Beaufort was the daughter of Rev Daniel Augustus Beaufort and Mary Waller (1739–1831), daughter of William Waller of Allenstown. Her grandfather was from the Huguenot community in London and moved to Ireland as chaplain to the viceroy. She had two sisters, Harriet (called Henrietta) and Frances Anne Beaufort, and two brothers, William and Francis. Two other sisters died in infancy. Her sister Frances, a botanist and author, married, as his fourth wife, Richard Lovell Edgeworth, and thus became step-mother to the novelist Maria Edgeworth. W. J. McCormack states that both Daniel and Louisa advised Maria Edgeworth in her writing of The Absentee.

== Achievements ==
Louisa Beaufort had a paper presented to the Royal Irish Academy in October 1827 on the architecture and antiquities of Ireland prior to the twelfth century; this essay was then published. The work is illustrated by lithographs by the author.
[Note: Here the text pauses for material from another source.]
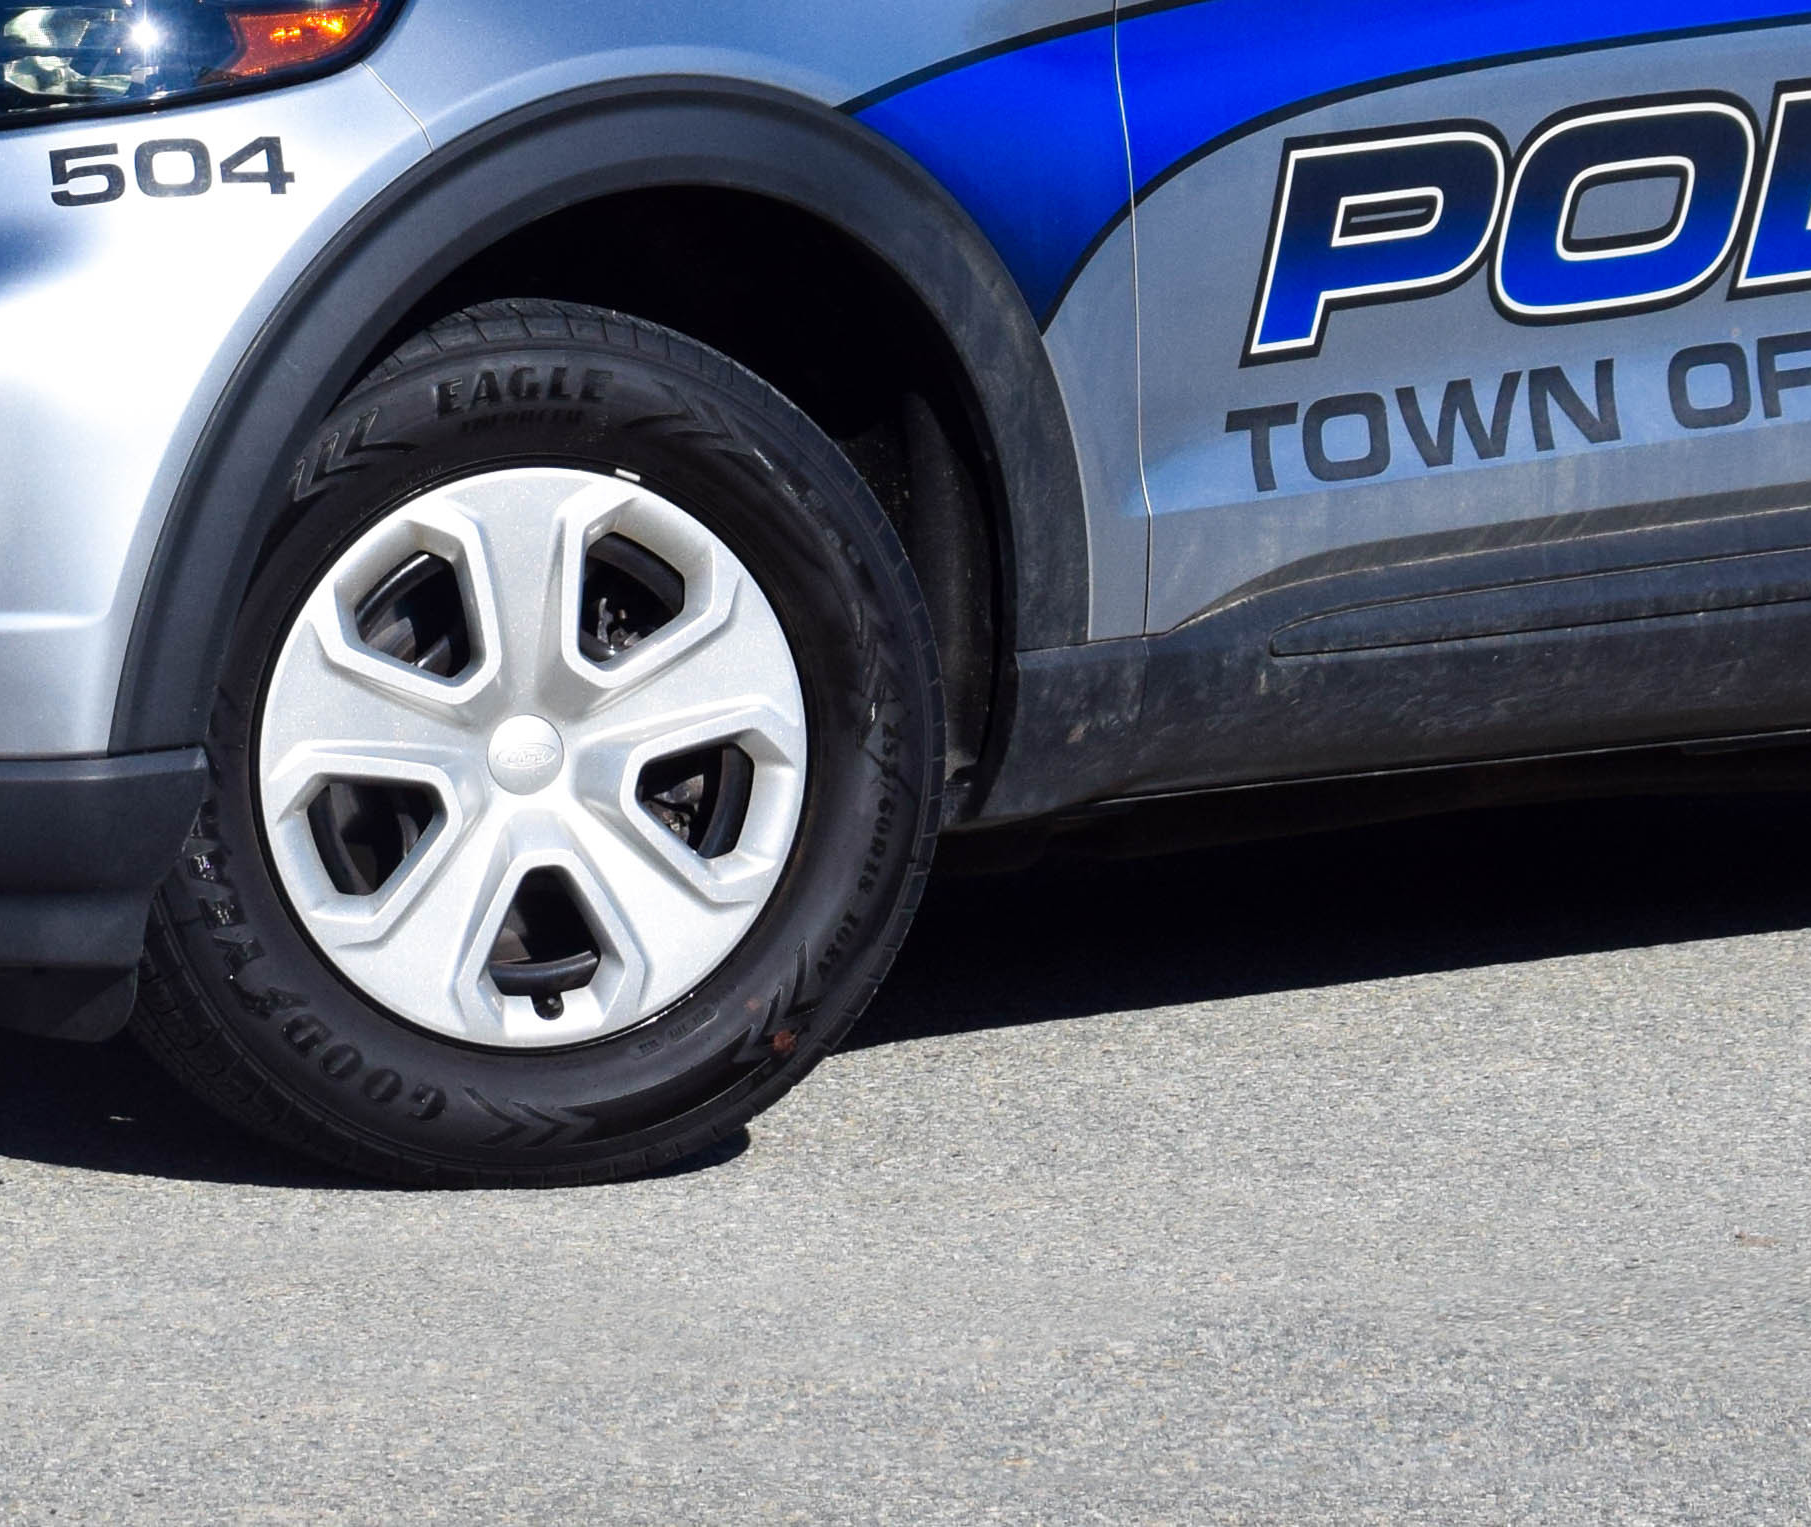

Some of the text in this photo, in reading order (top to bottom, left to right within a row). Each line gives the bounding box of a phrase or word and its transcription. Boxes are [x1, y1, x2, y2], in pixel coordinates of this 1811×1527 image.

[49, 136, 295, 207] 504
[433, 365, 615, 417] EAGLE
[1224, 359, 1622, 492] TOWN
Beaufort was the first woman to have a paper presented to and published by the Academy. Her opportunity may have arisen because her father was one of the founders of that institution in 1785, and he served as its librarian from 1788-91.

== Legacy ==

Louisa Beaufort wrote a number of tour journals which are among the manuscripts in the Library of Trinity College. Also in the Library is a book of watercolours of antiquities which Beaufort dedicated to her brother Admiral Francis Beaufort in 1857. The journal, of which these are the illustrations, is at the Huntington Library, San Marino, California.